Si el Dr. Alberdi hubiera recorrido siquiera ligeramente mi
proyecto de código, habría encontrado que la primera fuente de que
me valgo son las leyes que nos rigen. El mayor número de los ar-
tículos tienen la nota de una ley de partida, o del fuero real, o
una ley de las recopiladas. Después podía haber observado que en
los diversos títulos me guían unas veces Savigny, Zacharie, Orto-
lan, etc., y otras Aubry y Rau, Pothier, Troplong, Duranton, y
otros grandes Jurisconsultos que no escribieron para el Brasil.
Podía también haber visto todo lo que me sirvo del Código Francés
sin pensar en que mi país toma las costumbres francesas ni que sea
Colonia de aquel Imperio. No conoce donde ha acabado el proyecto
del Sr. Freitas y verá muy luego que yo sigo mi trabajo en las más
altas materias del derecho sin auxilio alguno del Sr. Freitas.
El Dr.
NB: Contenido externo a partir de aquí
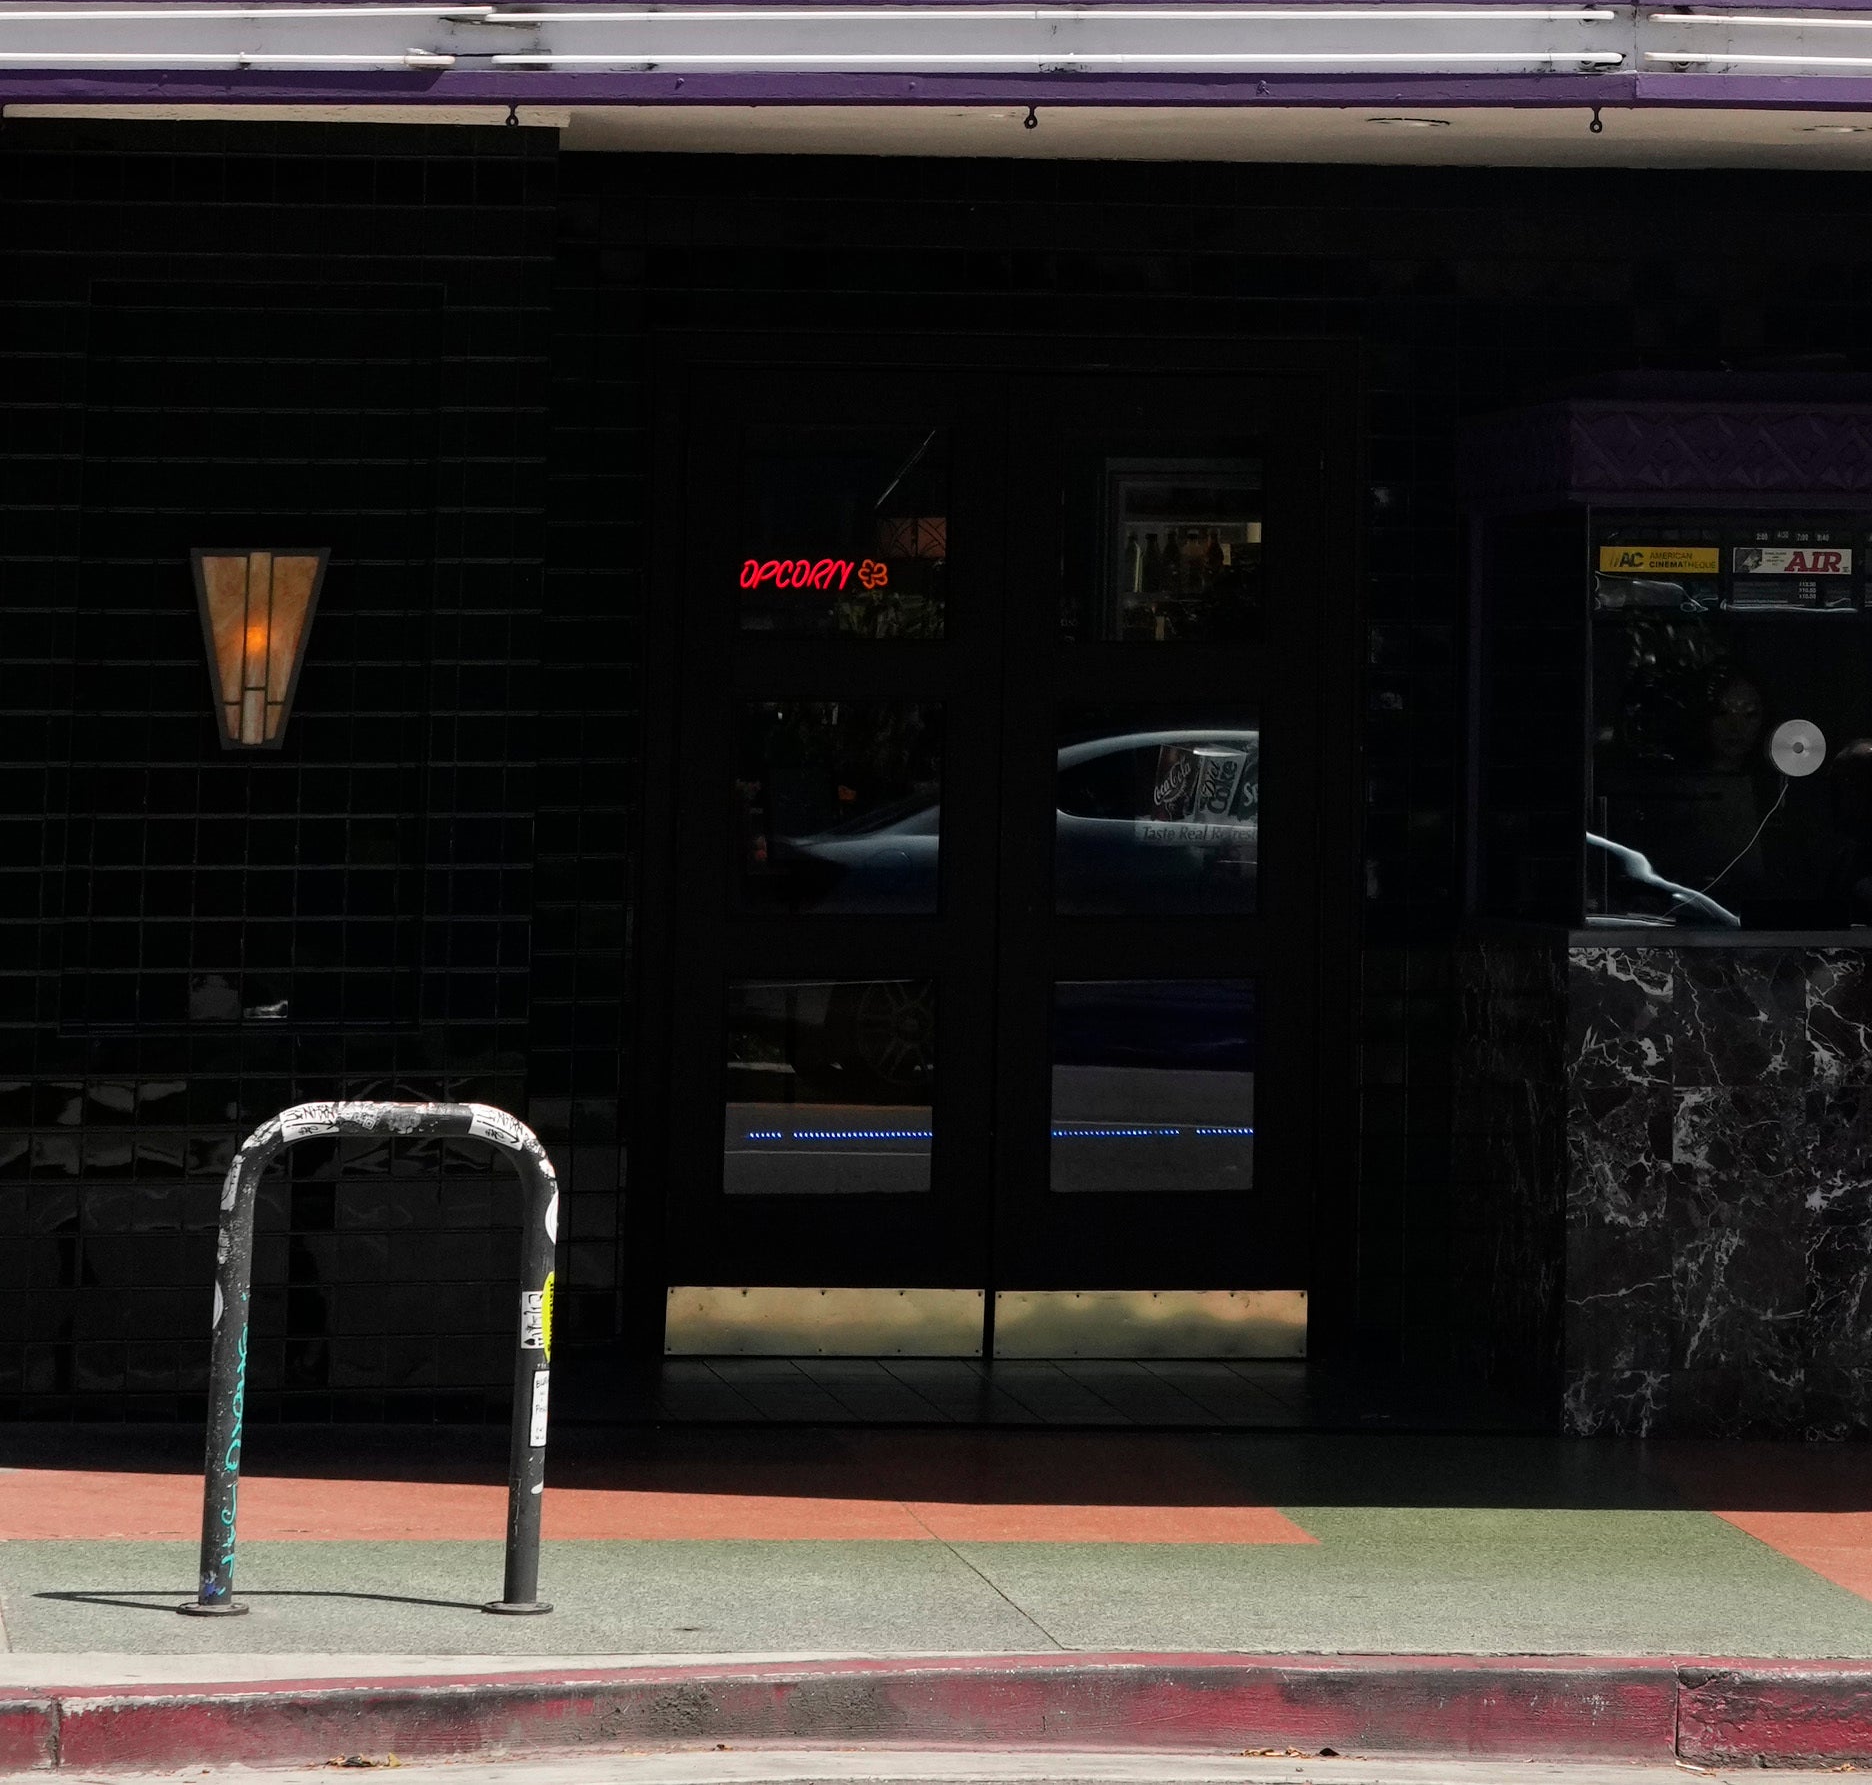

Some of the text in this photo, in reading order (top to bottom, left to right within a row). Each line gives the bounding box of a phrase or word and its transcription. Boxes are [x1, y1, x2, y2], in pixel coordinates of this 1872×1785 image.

[1619, 552, 1644, 568] AC
[1650, 552, 1693, 560] AMERICAN
[1784, 551, 1842, 573] AIR
[1649, 561, 1716, 569] CINEMATHEQUE
[739, 558, 854, 590] OPCORN
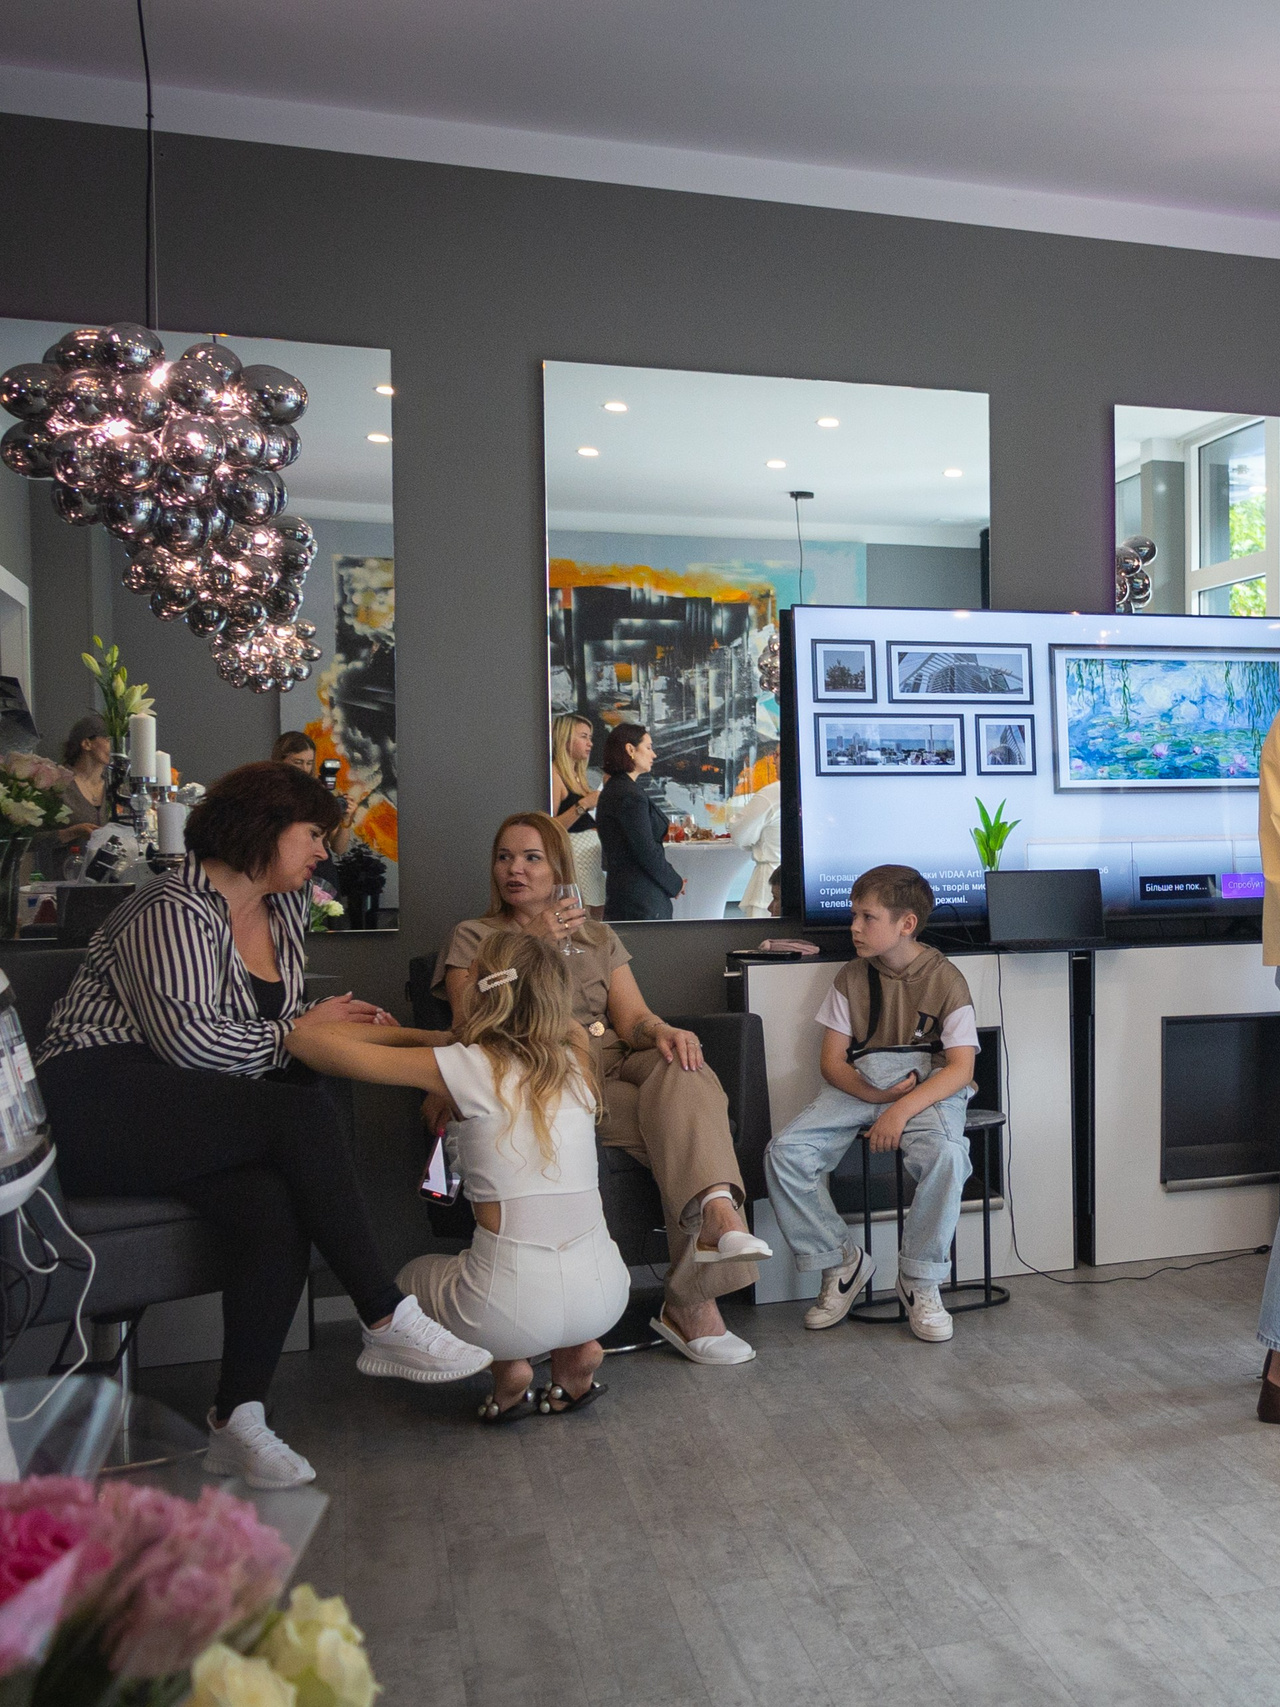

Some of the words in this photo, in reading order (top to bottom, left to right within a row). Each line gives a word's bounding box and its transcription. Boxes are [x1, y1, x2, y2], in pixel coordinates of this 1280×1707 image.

[819, 873, 860, 884] Покращт
[938, 869, 965, 879] VIDAA
[966, 869, 983, 878] Art!
[819, 887, 852, 896] отрима
[942, 882, 970, 893] творів
[1145, 883, 1174, 892] Більше
[1174, 883, 1185, 891] не
[819, 899, 853, 908] телевіз
[935, 895, 968, 906] режимі.
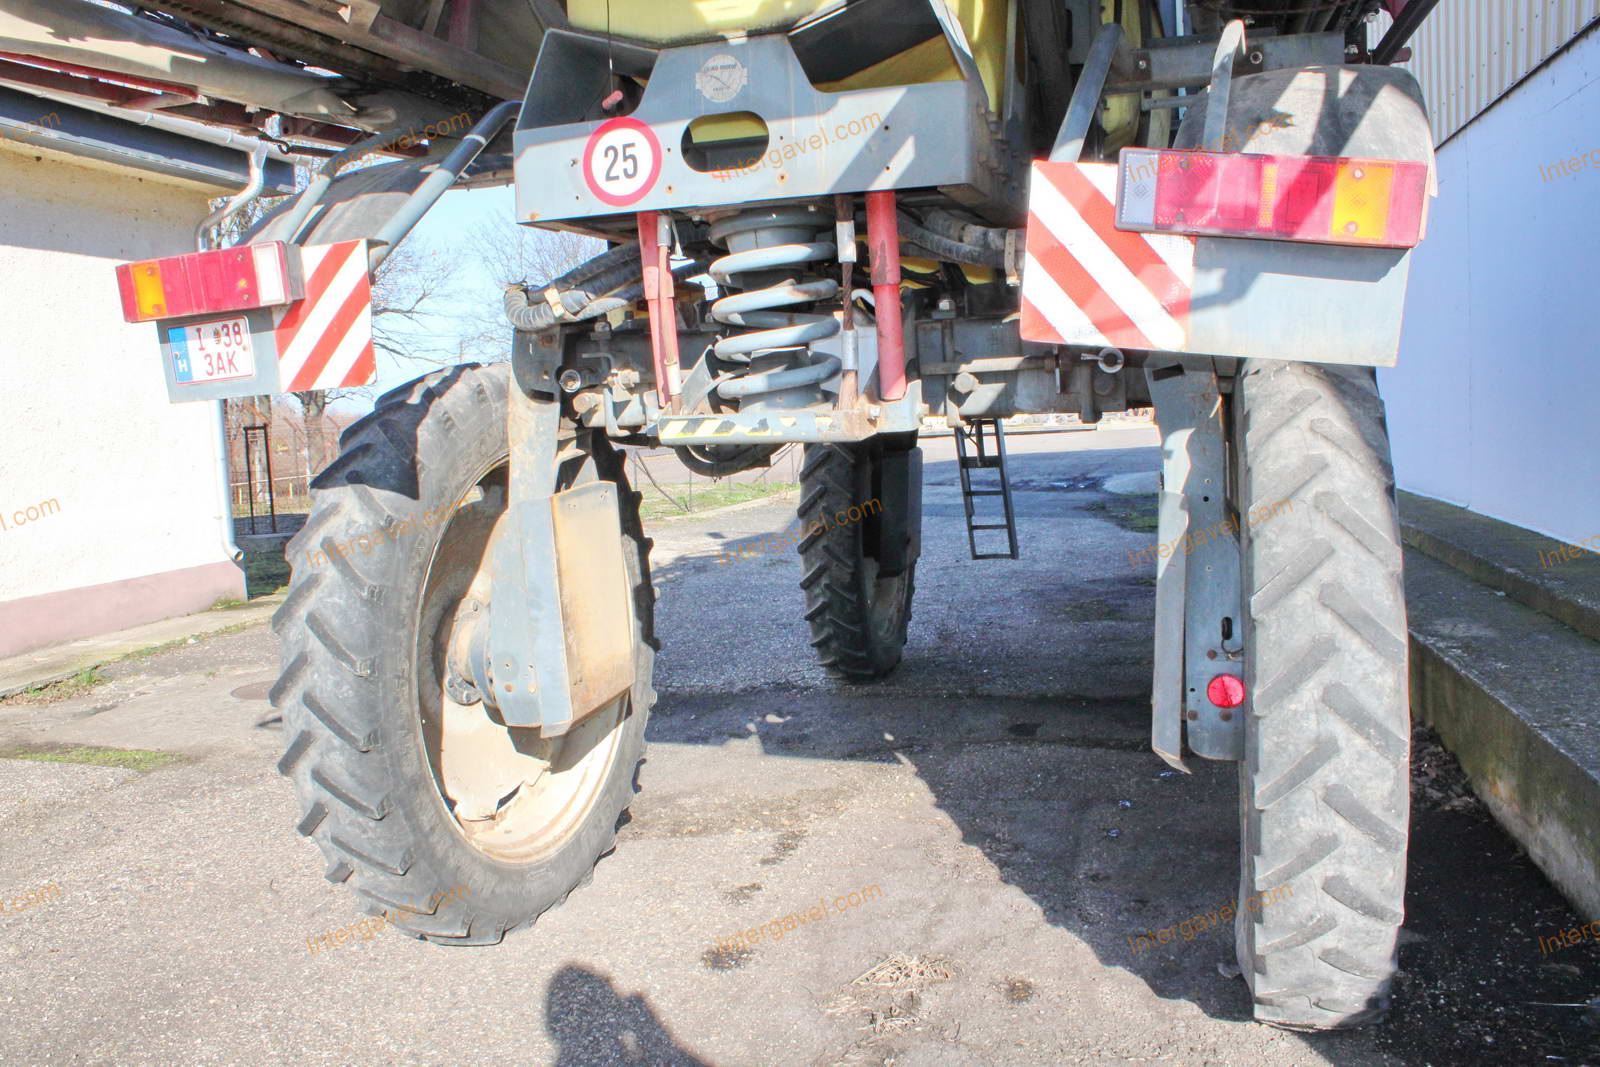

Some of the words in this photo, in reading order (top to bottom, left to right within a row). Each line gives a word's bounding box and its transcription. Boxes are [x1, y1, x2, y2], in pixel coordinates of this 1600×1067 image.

[604, 142, 638, 182] 25
[222, 322, 242, 347] 38
[204, 350, 239, 377] 3AK
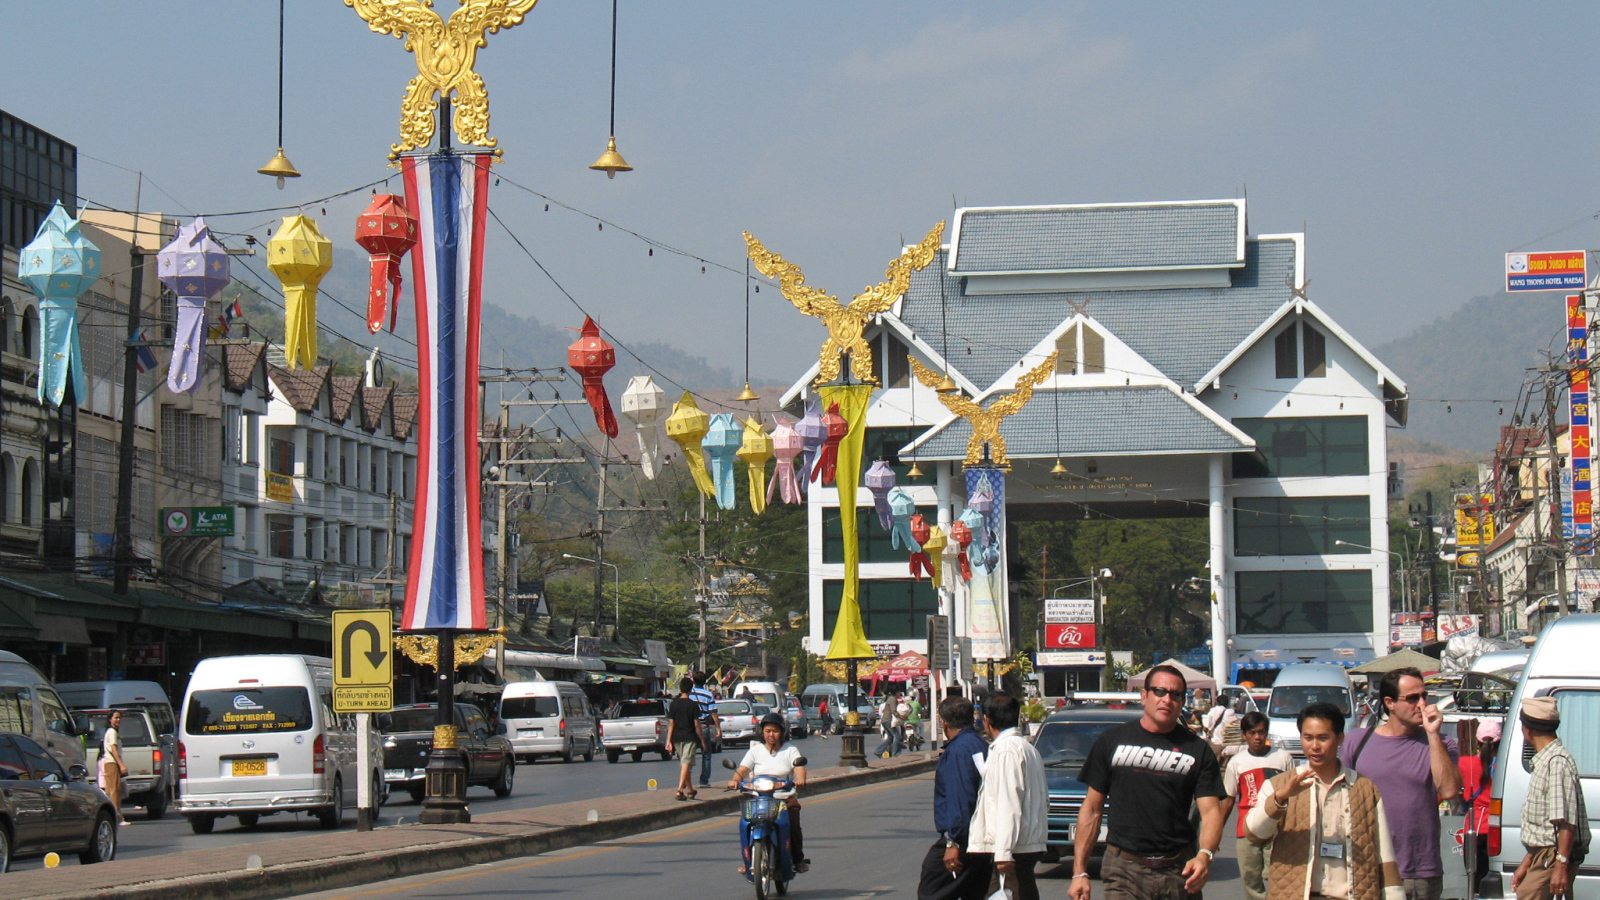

Alberdi nos hace tan graves inculpaciones, nota en mi
obra vicios tan radicales, pero no designa algún título, algún
artículo que justifique sus cargos. Prescinde de las disposiciones
del Código y juzga de lo que serán solo porque esas fórmulas son
trazadas por uno de los que rechazaron la Constitución del 53, y
porque el trabajo del Código lo ordenó el que hizo un tratado de
alianza con el Brasil para defendernos de la invasión del Paraguay.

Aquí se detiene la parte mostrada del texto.